Photo by Ponch Hawkes. |
Other than blasts of strobe light and the strips of slowly-revealing white tape,
Black Project 1 is a visually dark piece with a droning, industrial soundtrack (by
Robert Henke, Vainio and
Fennesz.) It's definitely not a walk in the park for viewers, but there is reward at the end in the sense of journey, albeit (intentionally) slowly, somewhere. The end is different to the beginning (the dancers have travelled from stage left to right by the finish) and the links from A to B are clear.
Tilted Fawn doesn't have a similar trajectory
. Lane's solo (which opens the program) is also relentless. It's also dark (although not quite so literally black) in colour and tone, but it's missing that satisfaction of trajectory and journey. It so soloptic and dry in its 40 minute long exploration of sounds and spatial architecture that it loses connection to audience.

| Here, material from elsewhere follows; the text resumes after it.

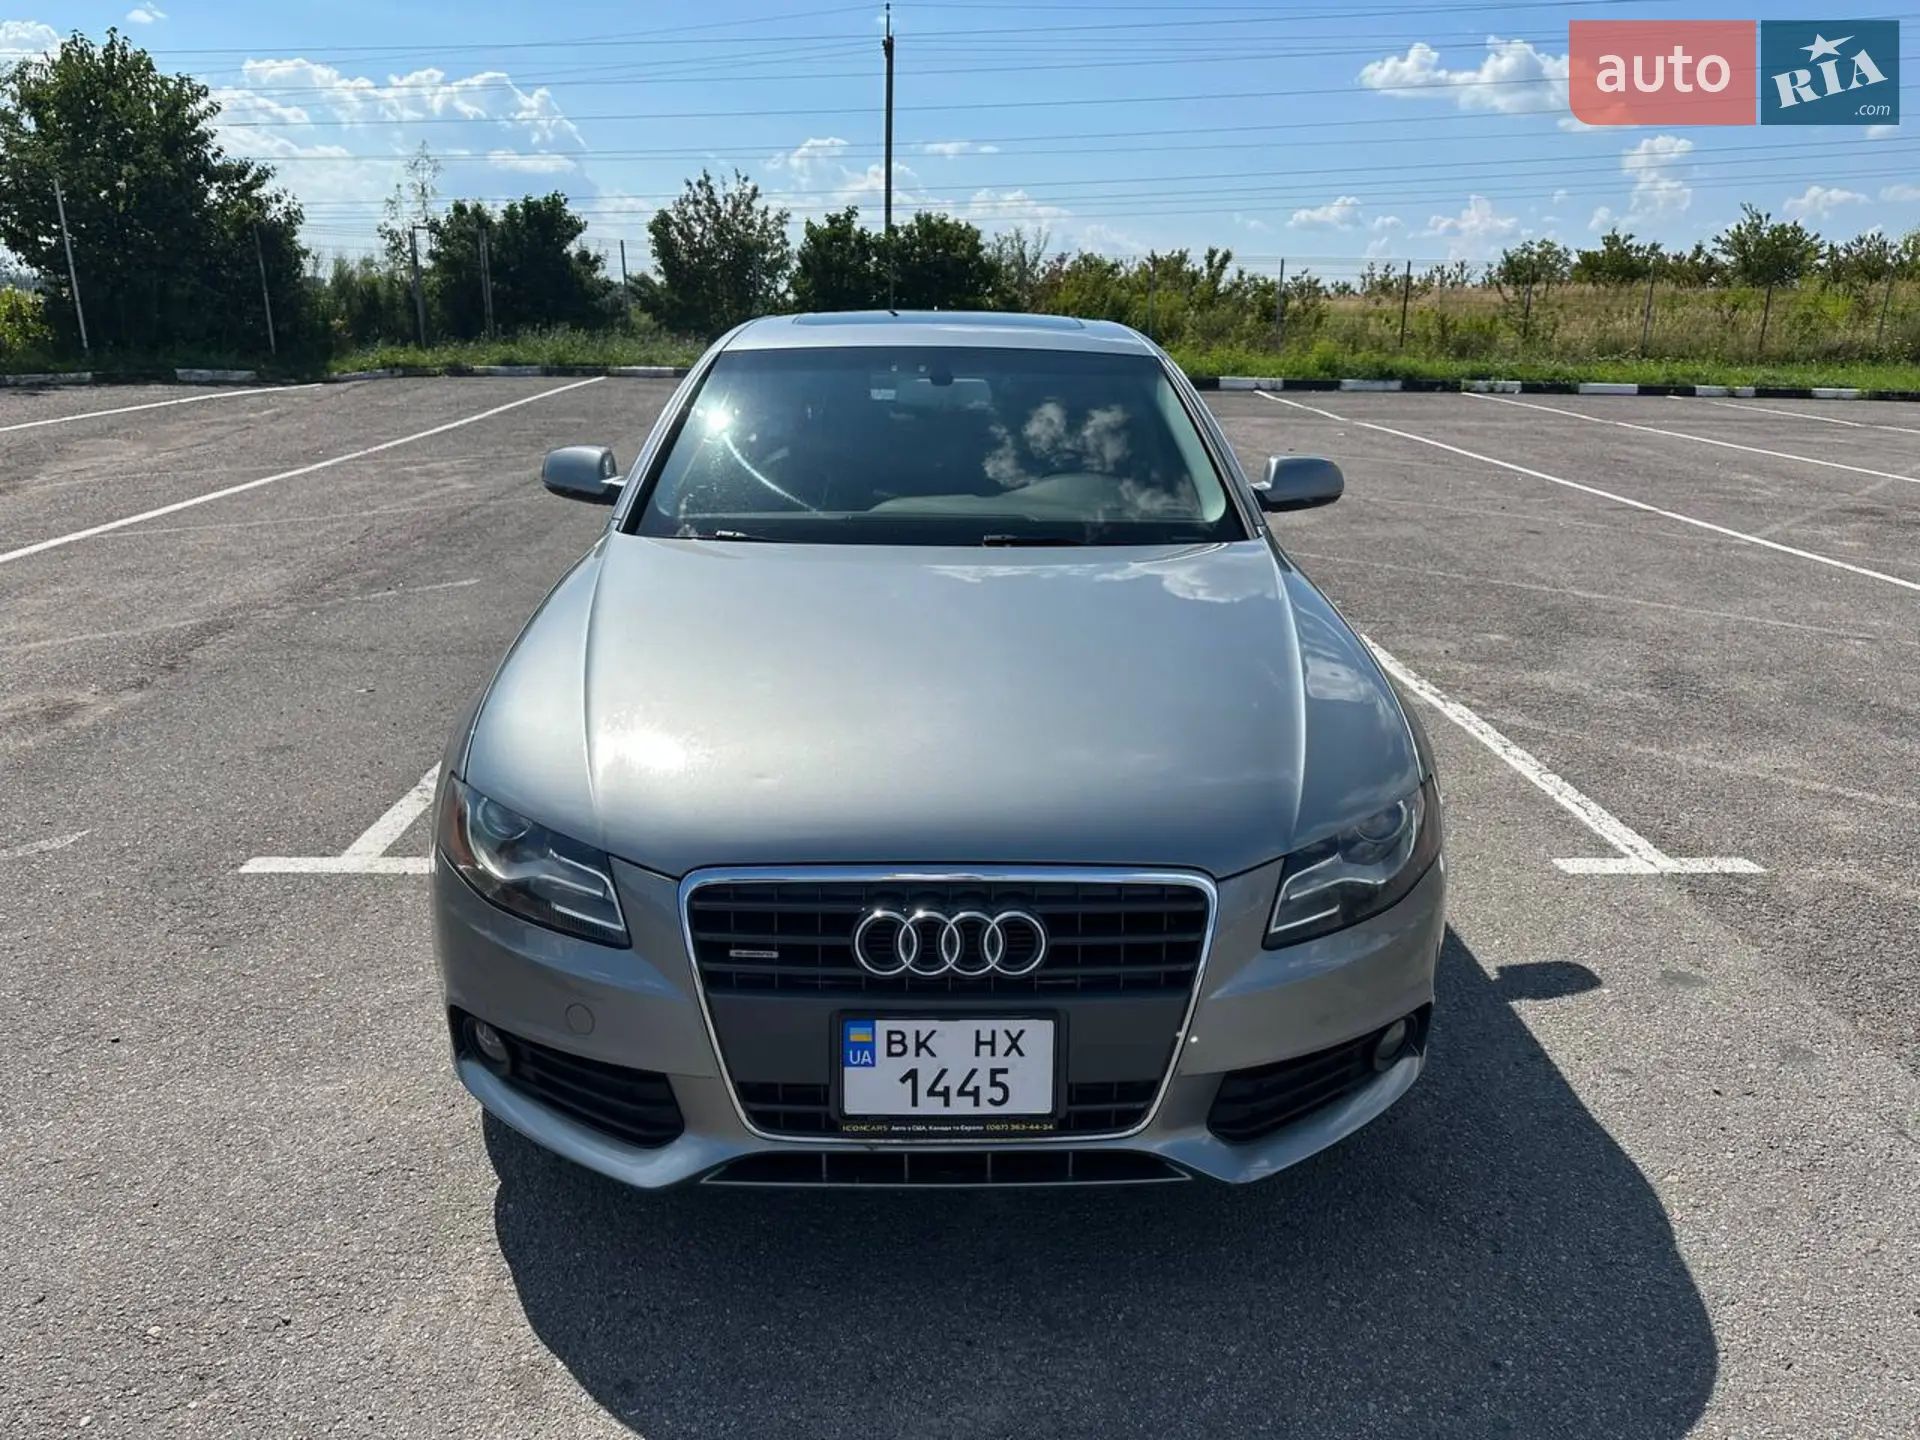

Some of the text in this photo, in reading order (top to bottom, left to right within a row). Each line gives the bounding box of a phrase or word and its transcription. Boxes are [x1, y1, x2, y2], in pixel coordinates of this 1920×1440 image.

[849, 1050, 873, 1064] UA
[886, 1029, 1025, 1058] BK HX
[899, 1068, 1010, 1108] 1445

Lane collaborates with a sound artist named
Chris Clark who has assembled different compositions inside cardboard bricks. As
Lane arranges the rectangles around the minimalist space into shapes and sculptures (at one time a boat, another a neatly staked rectangle), various sound collages are created. The activity is mono-dynamic and doesn't sustain interest for its lengthy duration. Lane walks around stage, moves boxes, thoughtfully stares at said boxes and occassionally breaks into pedestrian stride to strike a dancerly poses. On a pure "conceptual" level, it's well-trodden territory and the physical activity is too subdued to make an impact.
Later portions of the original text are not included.